Centralizaban todo el conocimiento. Personas, datos, estructuras,
recursos, armas, refugios, dinero. Dinero. Decidían en función de
sus intereses, con todas las cartas en su mesa íntima, de la que se
excluía celosamente a cualquier otra persona. El resto no debía
conocer las cartas. Tenían que no conocerlas, como presupuesto de la
obediencia. Hay algo de mesiánico en ello, y mucho de desprecio por
el semejante.
Es mesiánico arrogarse
la clarividencia de los iluminados que saben a dónde van, y pueden
dirigir las masas idiotas. Y hay un enorme desprecio en considerar al
resto como un objeto, una ficha en el tablero del poder. Por eso para
las “orgas” todo era una ficha, especialmente la vida del
semejante. Era irrelevante que el semejante que moría como
consecuencia de las acciones armadas fuera súbdito o enemigo, en
todo caso su vida valía menos que el argumento que
circunstancialmente querían difundir. La vida ajena era la tinta con
la que escribían las páginas de su relato. Así, podían tirarle a
Perón el cadáver de su hijo político, para demostrarle que la
tenían bien larga.
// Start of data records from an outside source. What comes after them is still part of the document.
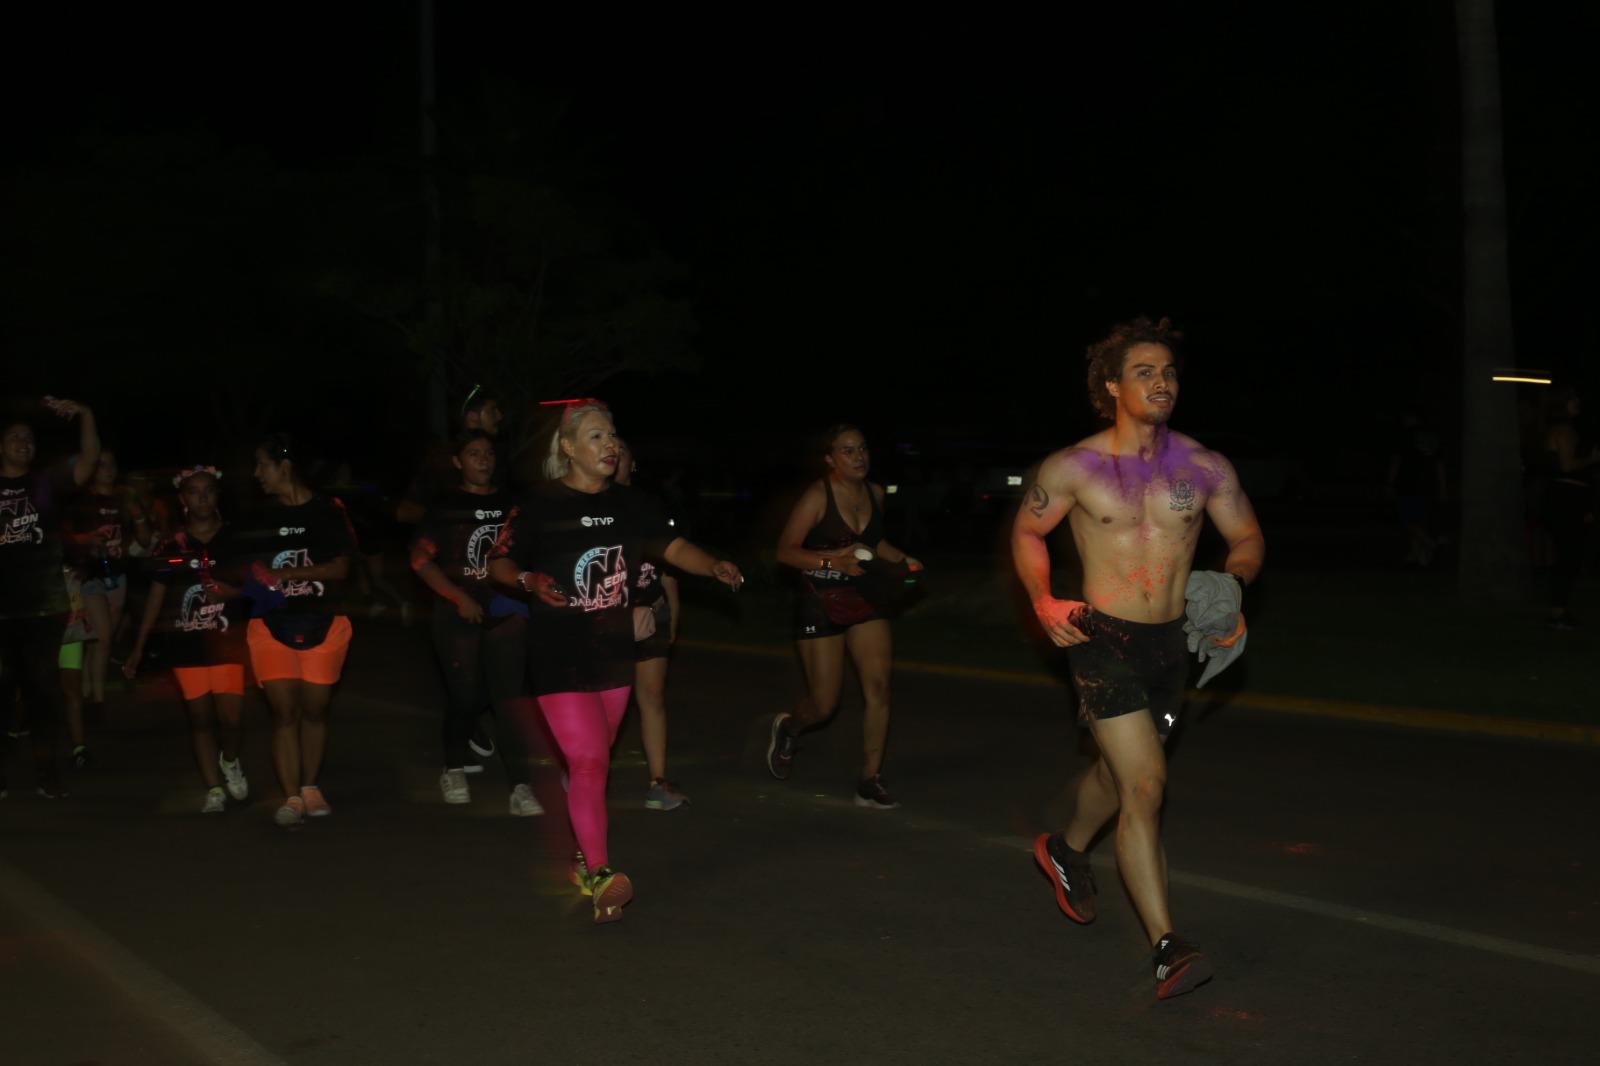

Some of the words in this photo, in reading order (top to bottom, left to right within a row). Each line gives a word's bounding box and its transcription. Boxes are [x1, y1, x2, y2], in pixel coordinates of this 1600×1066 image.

[484, 510, 502, 519] TVP
[591, 517, 615, 526] TVP
[288, 527, 306, 535] TVP
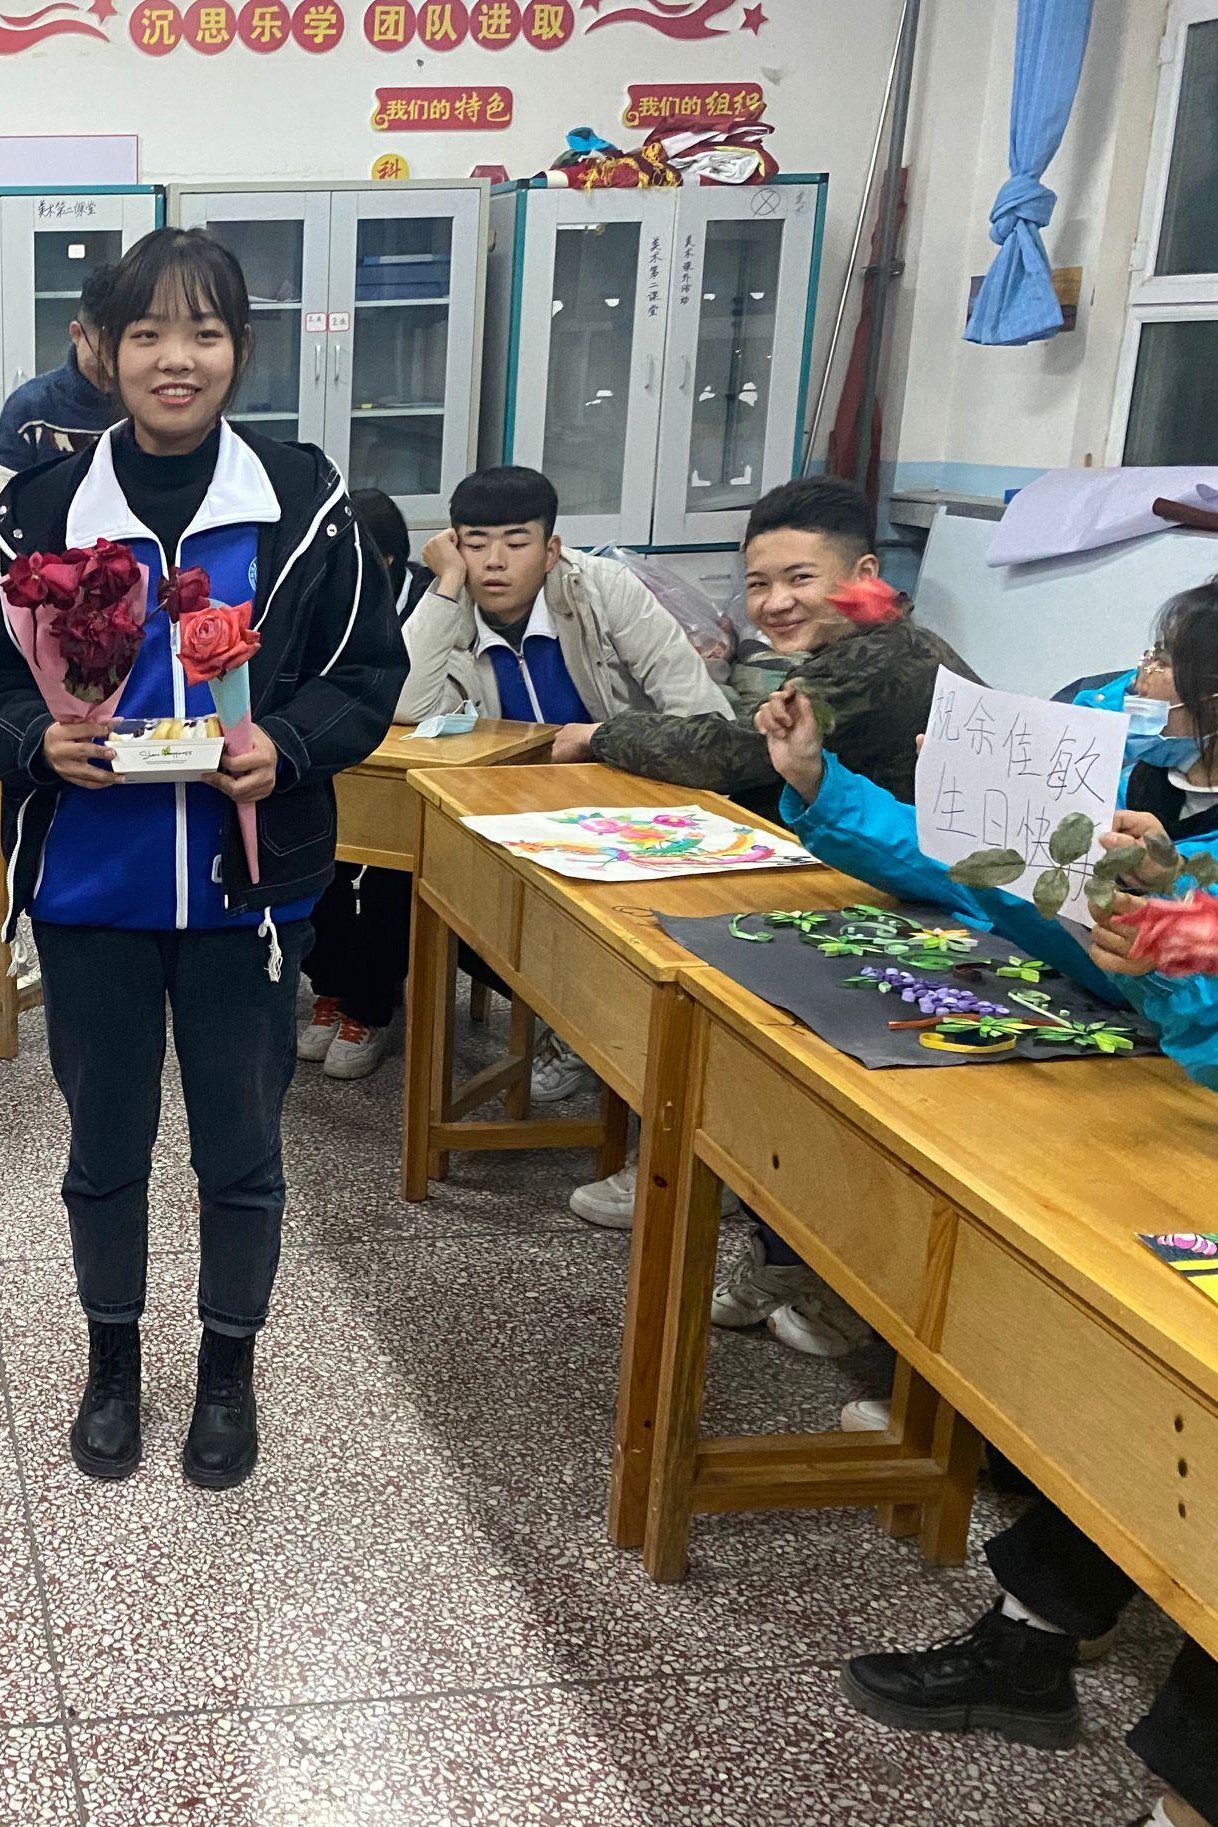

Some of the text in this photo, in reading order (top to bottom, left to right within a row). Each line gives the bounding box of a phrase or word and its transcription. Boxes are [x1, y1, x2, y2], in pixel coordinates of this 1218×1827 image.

[142, 2, 566, 46] 沉思乐学 团队进取
[385, 92, 512, 122] 我们的特色
[646, 236, 663, 318] 美术第二课堂
[931, 690, 1105, 803] 祝余佳敏
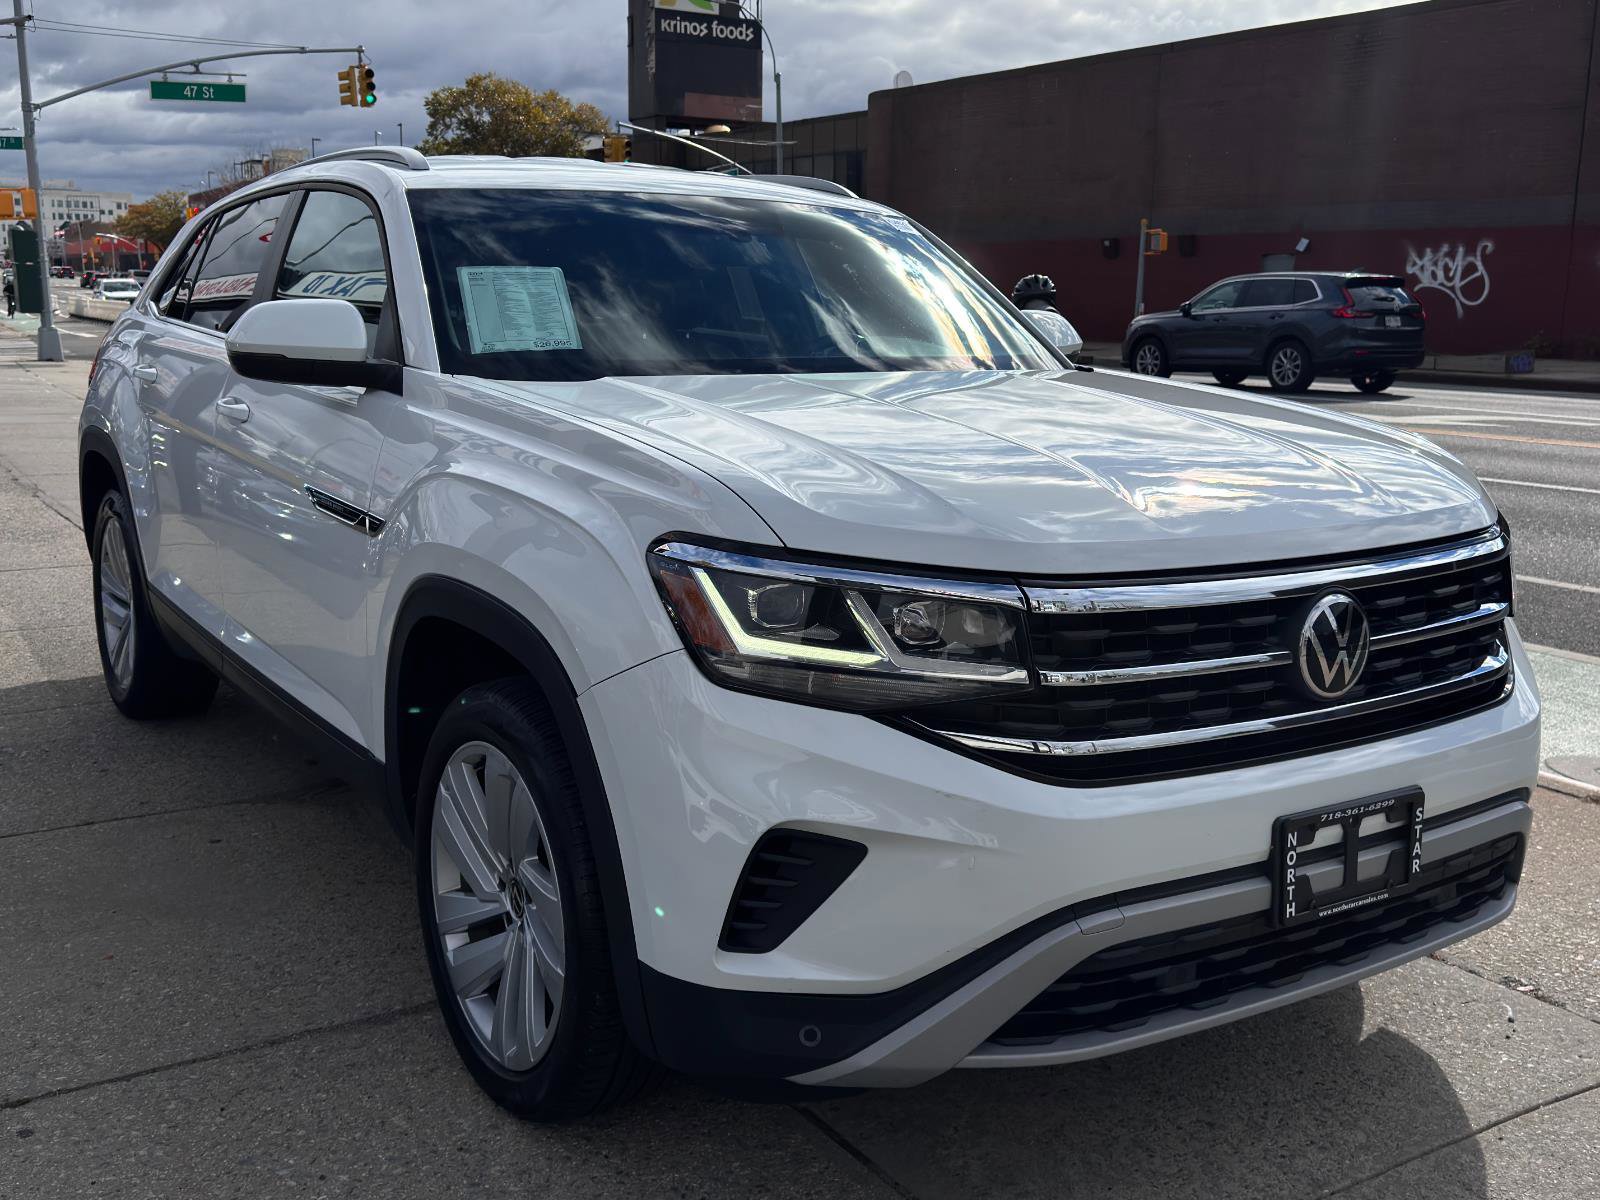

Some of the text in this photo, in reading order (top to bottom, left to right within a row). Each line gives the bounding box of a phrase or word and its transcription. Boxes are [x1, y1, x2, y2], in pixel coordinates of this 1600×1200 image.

Había en las orgas una celebración de la
muerte, que permitía naturalizarla y convertirla en mercancía
política.
Eso eran las “orgas”.
Fascismo de manual.
¿Cómo es que, según el
conocido del Opa, Fernández de Neón y Él eran una “orga”? No
matan gente, pero tienen la SIDE y los carpetazos para apretar y
embarrar adversarios. No matan gente, pero tienen el mismo desprecio
fascista por el otro, sea aliado o adversario. Si es aliado se lo
puede someter a cualquier humillación manu militari,
y después descartarlo. Los cretinos del conurbano y de varias
provincias han conocido el ascenso y la gloria, antes de ser
prolijamente defenestrados. Si es adversario es por definición un
enemigo que no merece respeto y debe ser aniquilado políticamente.
Salvo cuando el enemigo demuestra tener igual o más poder que ellos,
y en ese caso concederán negociaciones en la lógica de un acuerdo
entre gángsters. Y siempre, en todo caso, esos acuerdos serán
travestidos en un relato para que los cumpas, hacia abajo, propaguen
y repitan.
La “orga” en el
Palacio se maneja sin escrúpulos, sin rendir cuentas, sin asumir
errores: infalible y arrogante, en medio del incendio. Psicópatas de
manual, las culpas de sus errores son siempre de los otros, de
cualquier otro. Irresponsables de manual, los daños de sus desastres
los pagan los otros, siempre los otros. O sea, nosotros.